▶ WHAT IS NEEDED:
Transcribe each entry exactly as it appears, leaving out any picture it holds.

▶ DATA SUPPLIED:
= Beginning of Section =

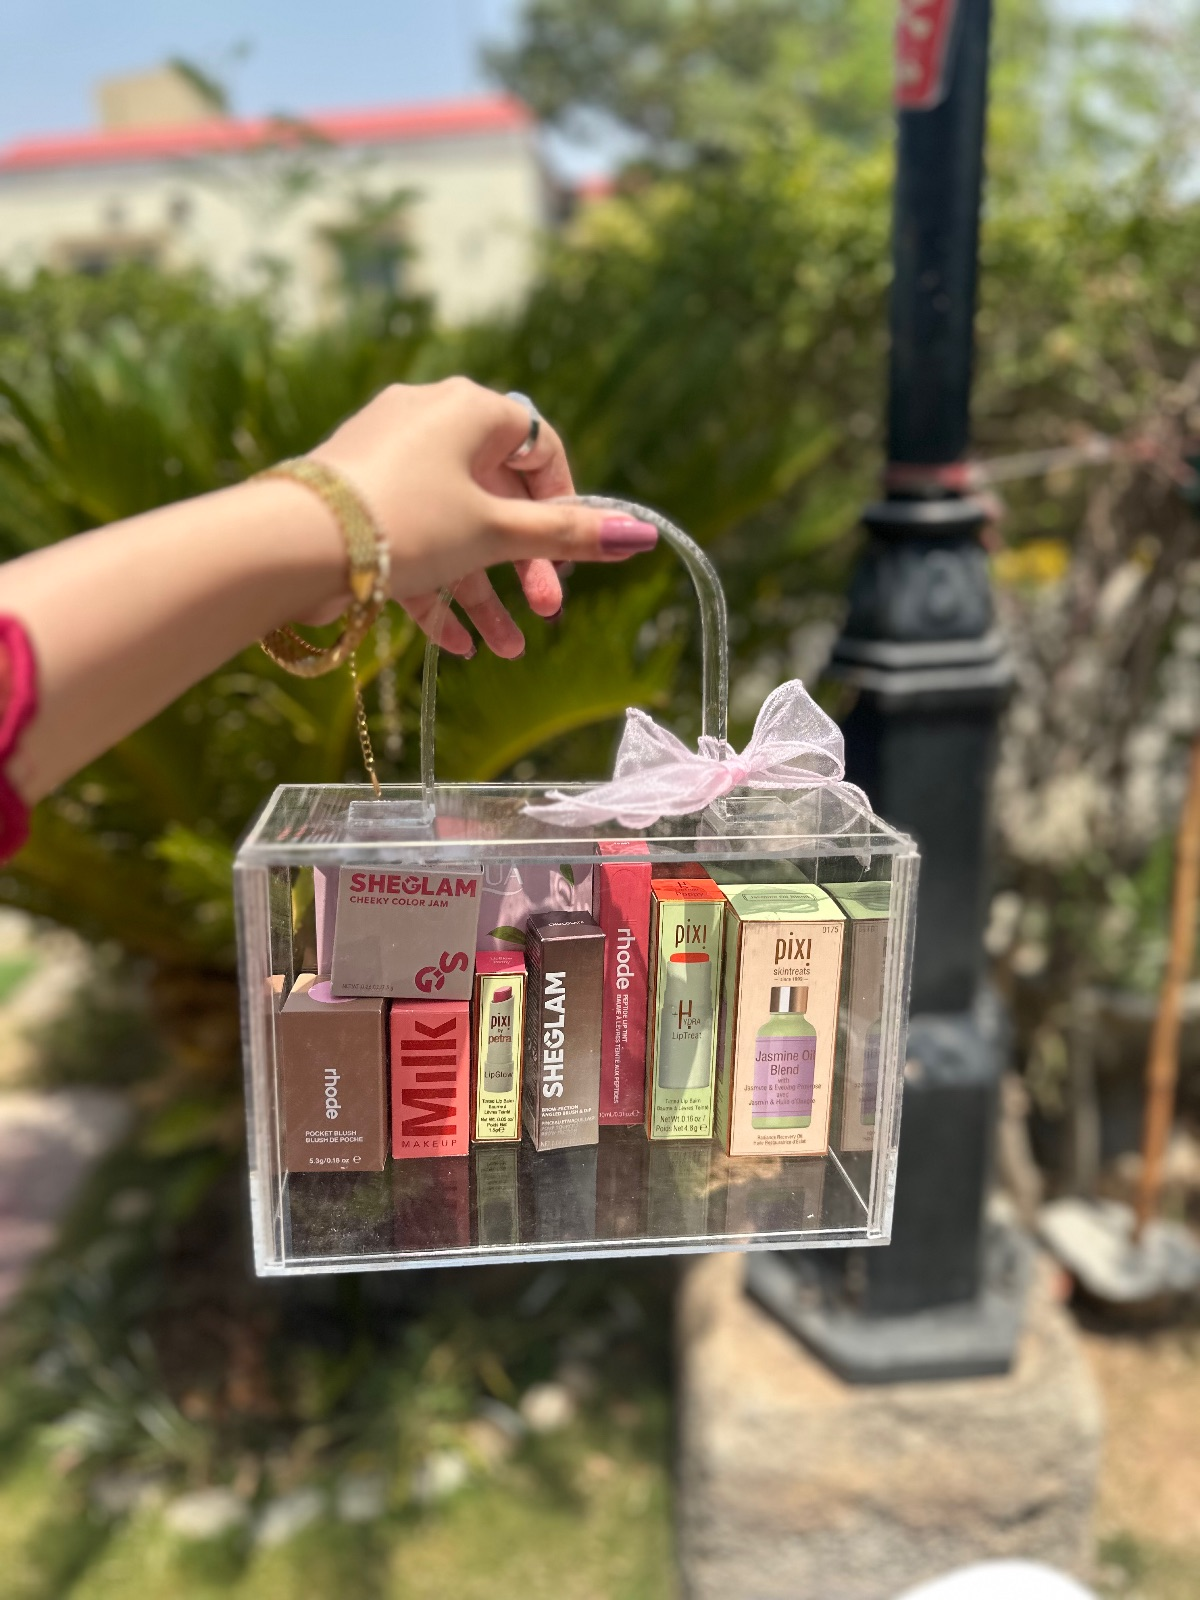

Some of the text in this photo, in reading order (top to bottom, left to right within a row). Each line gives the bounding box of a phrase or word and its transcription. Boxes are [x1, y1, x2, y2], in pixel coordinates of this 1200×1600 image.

[350, 873, 477, 898] SHEGLAM
[350, 896, 449, 908] CHEEKY COLOR JAM
[616, 928, 636, 990] rhode
[773, 968, 810, 976] skintreats
[488, 1034, 512, 1044] petra
[542, 971, 566, 1098] SHEGLAM
[672, 1031, 702, 1040] LipTreat
[755, 1049, 816, 1062] Jasmine Oil
[770, 1064, 799, 1076] Blend
[400, 1017, 457, 1136] Milk
[325, 1068, 342, 1120] rhode
[402, 1140, 456, 1148] MAKEUP

= End of Section =

▶ SOLUTION FOR THIS EXERCISE:
Some of the text in this photo, in reading order (top to bottom, left to right within a row). Each line gives the bounding box of a phrase or word and its transcription. Boxes are [x1, y1, x2, y2], in pixel coordinates of this 1200×1600 image.

[350, 873, 477, 898] SHEGLAM
[350, 896, 449, 908] CHEEKY COLOR JAM
[616, 928, 636, 990] rhode
[773, 968, 810, 976] skintreats
[488, 1034, 512, 1044] petra
[542, 971, 566, 1098] SHEGLAM
[672, 1031, 702, 1040] LipTreat
[755, 1049, 816, 1062] Jasmine Oil
[770, 1064, 799, 1076] Blend
[400, 1017, 457, 1136] Milk
[325, 1068, 342, 1120] rhode
[402, 1140, 456, 1148] MAKEUP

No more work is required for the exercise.